[Extracted records]
-- -- --

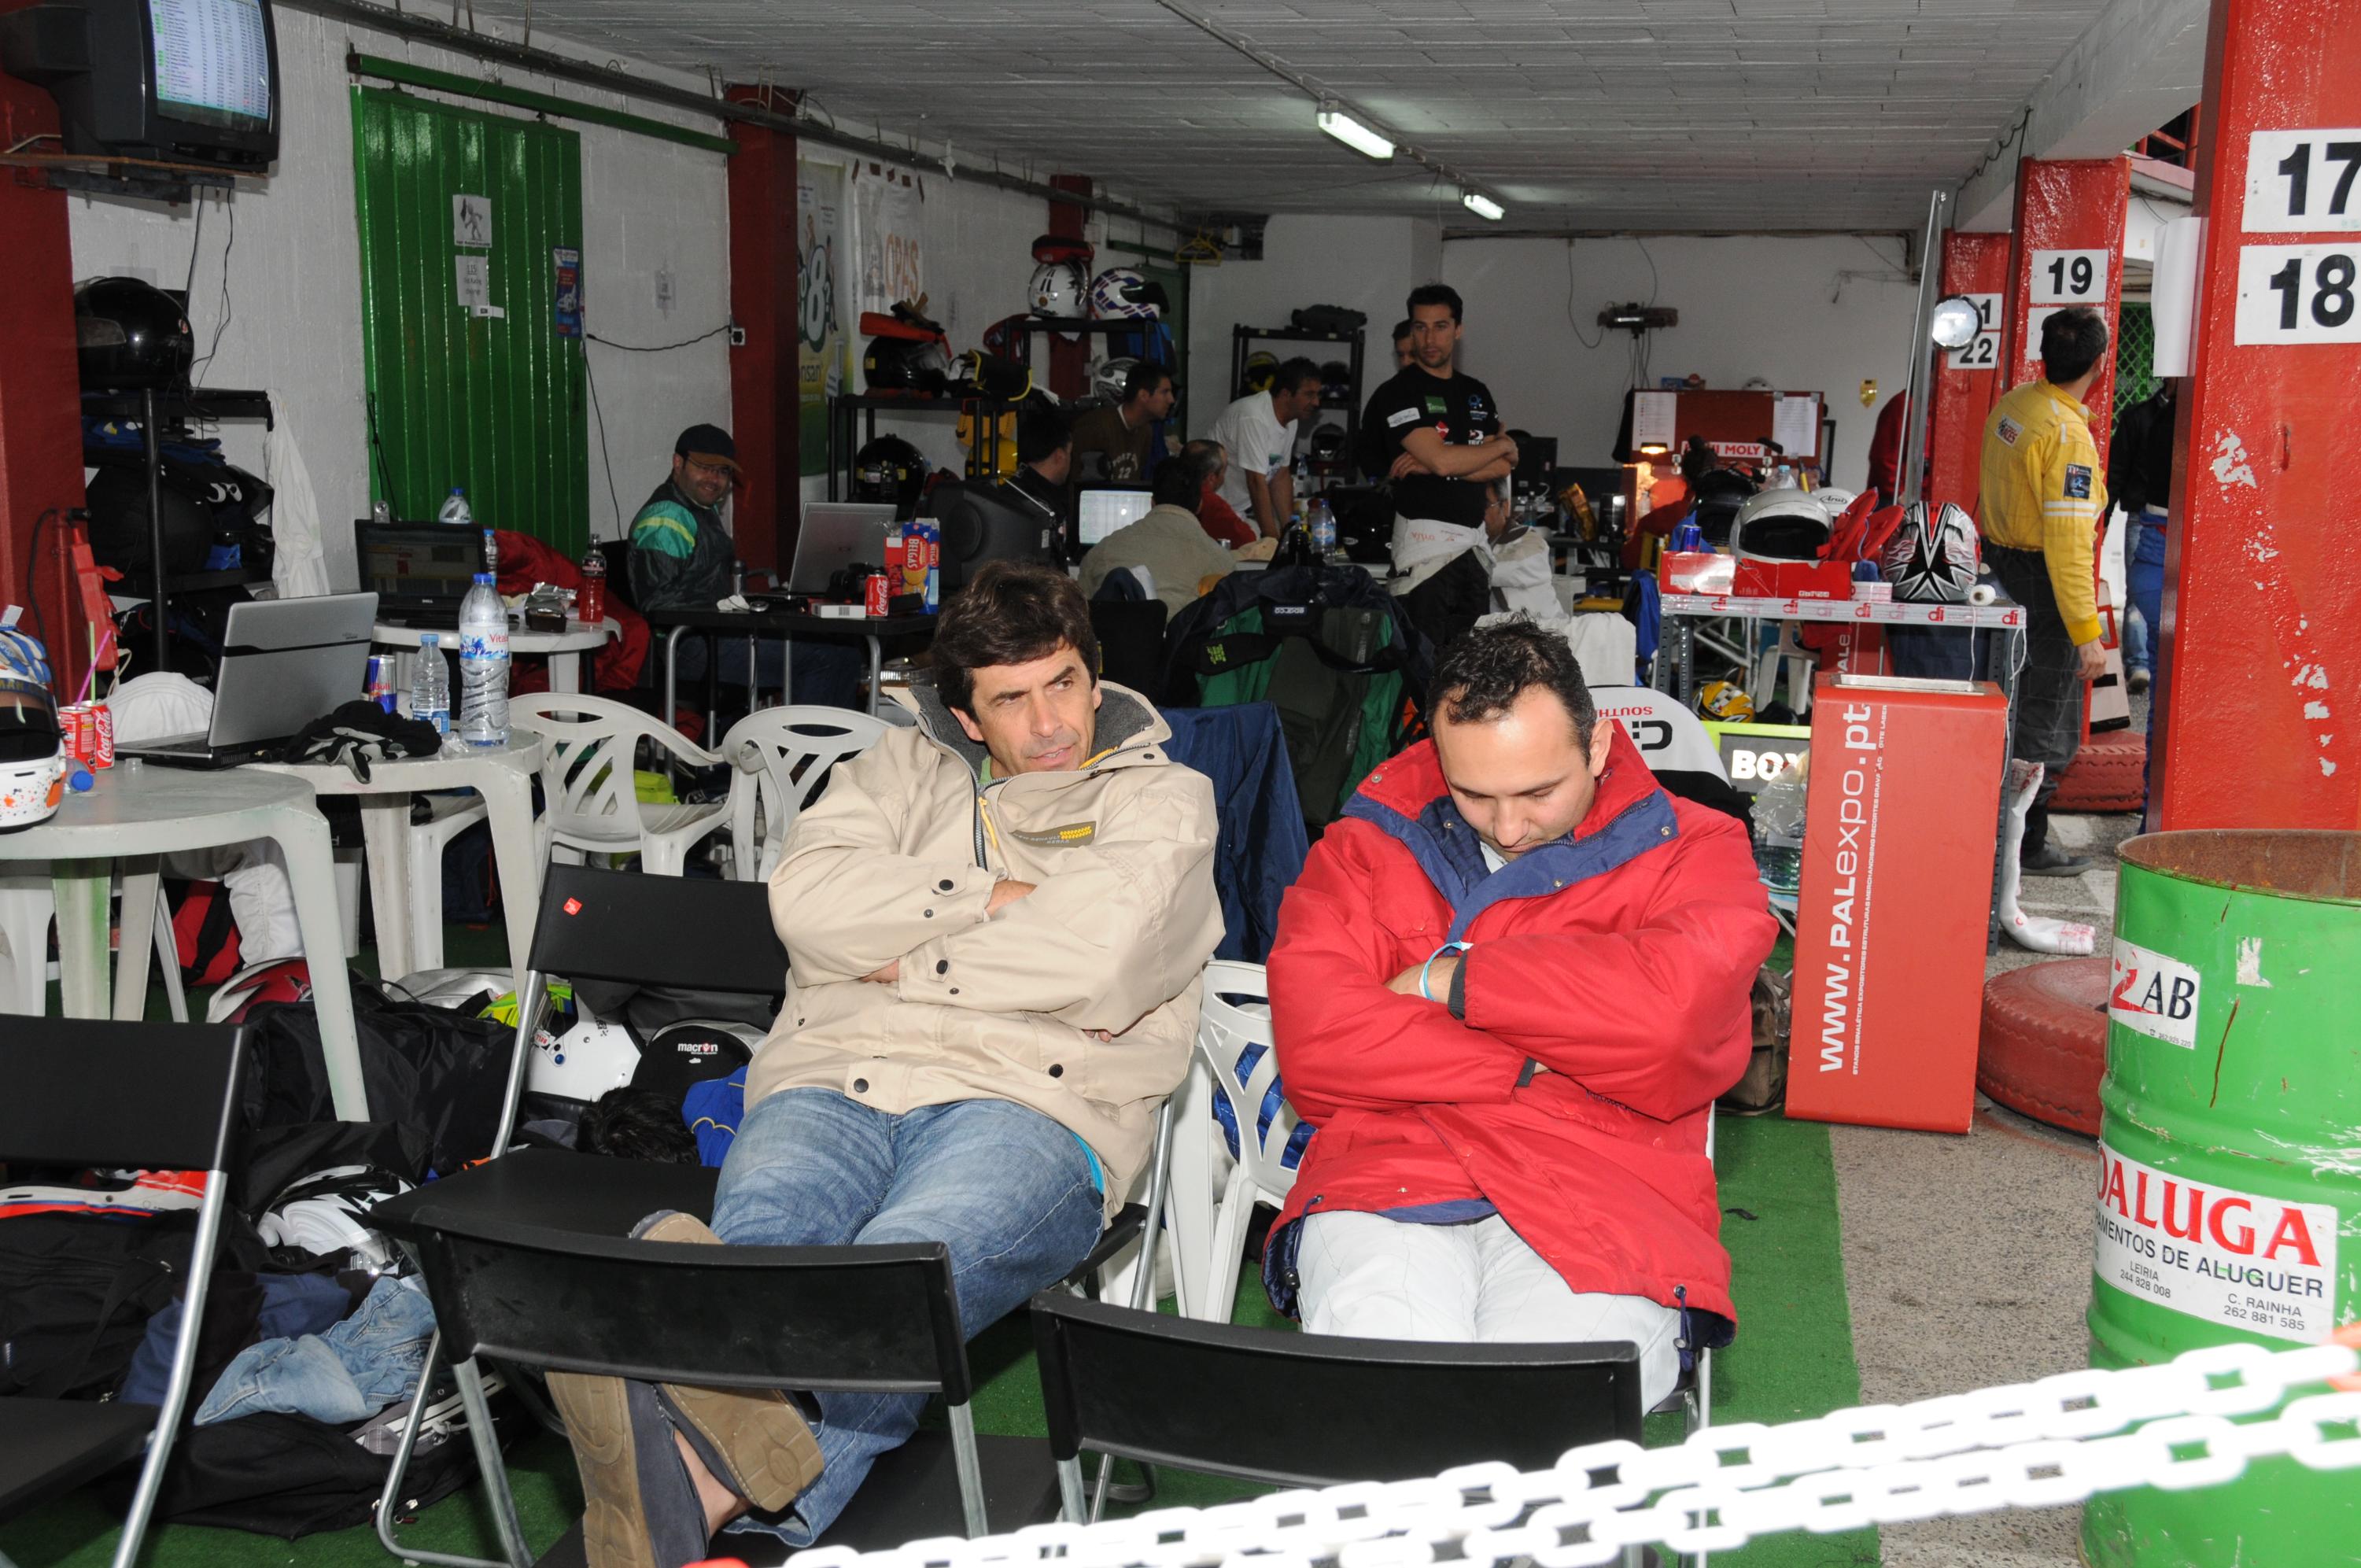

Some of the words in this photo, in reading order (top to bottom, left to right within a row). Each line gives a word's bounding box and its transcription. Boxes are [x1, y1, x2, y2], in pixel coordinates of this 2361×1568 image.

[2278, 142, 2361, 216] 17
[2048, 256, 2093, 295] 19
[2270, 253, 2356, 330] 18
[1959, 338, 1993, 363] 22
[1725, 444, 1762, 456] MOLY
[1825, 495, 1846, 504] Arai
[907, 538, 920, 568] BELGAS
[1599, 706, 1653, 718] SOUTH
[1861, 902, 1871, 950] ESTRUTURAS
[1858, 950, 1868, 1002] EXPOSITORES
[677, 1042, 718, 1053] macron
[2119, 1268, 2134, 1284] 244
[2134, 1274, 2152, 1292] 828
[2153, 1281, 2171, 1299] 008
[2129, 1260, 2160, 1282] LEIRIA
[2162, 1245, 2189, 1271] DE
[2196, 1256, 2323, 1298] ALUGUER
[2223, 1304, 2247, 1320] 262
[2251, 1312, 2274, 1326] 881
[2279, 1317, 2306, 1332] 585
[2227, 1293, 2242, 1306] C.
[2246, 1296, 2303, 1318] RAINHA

-- -- --

First drop every picture, then print the data above exactly as it stands.

Some of the words in this photo, in reading order (top to bottom, left to right within a row). Each line gives a word's bounding box and its transcription. Boxes are [x1, y1, x2, y2], in pixel coordinates of this 2361×1568 image.

[2278, 142, 2361, 216] 17
[2048, 256, 2093, 295] 19
[2270, 253, 2356, 330] 18
[1959, 338, 1993, 363] 22
[1725, 444, 1762, 456] MOLY
[1825, 495, 1846, 504] Arai
[907, 538, 920, 568] BELGAS
[1599, 706, 1653, 718] SOUTH
[1861, 902, 1871, 950] ESTRUTURAS
[1858, 950, 1868, 1002] EXPOSITORES
[677, 1042, 718, 1053] macron
[2119, 1268, 2134, 1284] 244
[2134, 1274, 2152, 1292] 828
[2153, 1281, 2171, 1299] 008
[2129, 1260, 2160, 1282] LEIRIA
[2162, 1245, 2189, 1271] DE
[2196, 1256, 2323, 1298] ALUGUER
[2223, 1304, 2247, 1320] 262
[2251, 1312, 2274, 1326] 881
[2279, 1317, 2306, 1332] 585
[2227, 1293, 2242, 1306] C.
[2246, 1296, 2303, 1318] RAINHA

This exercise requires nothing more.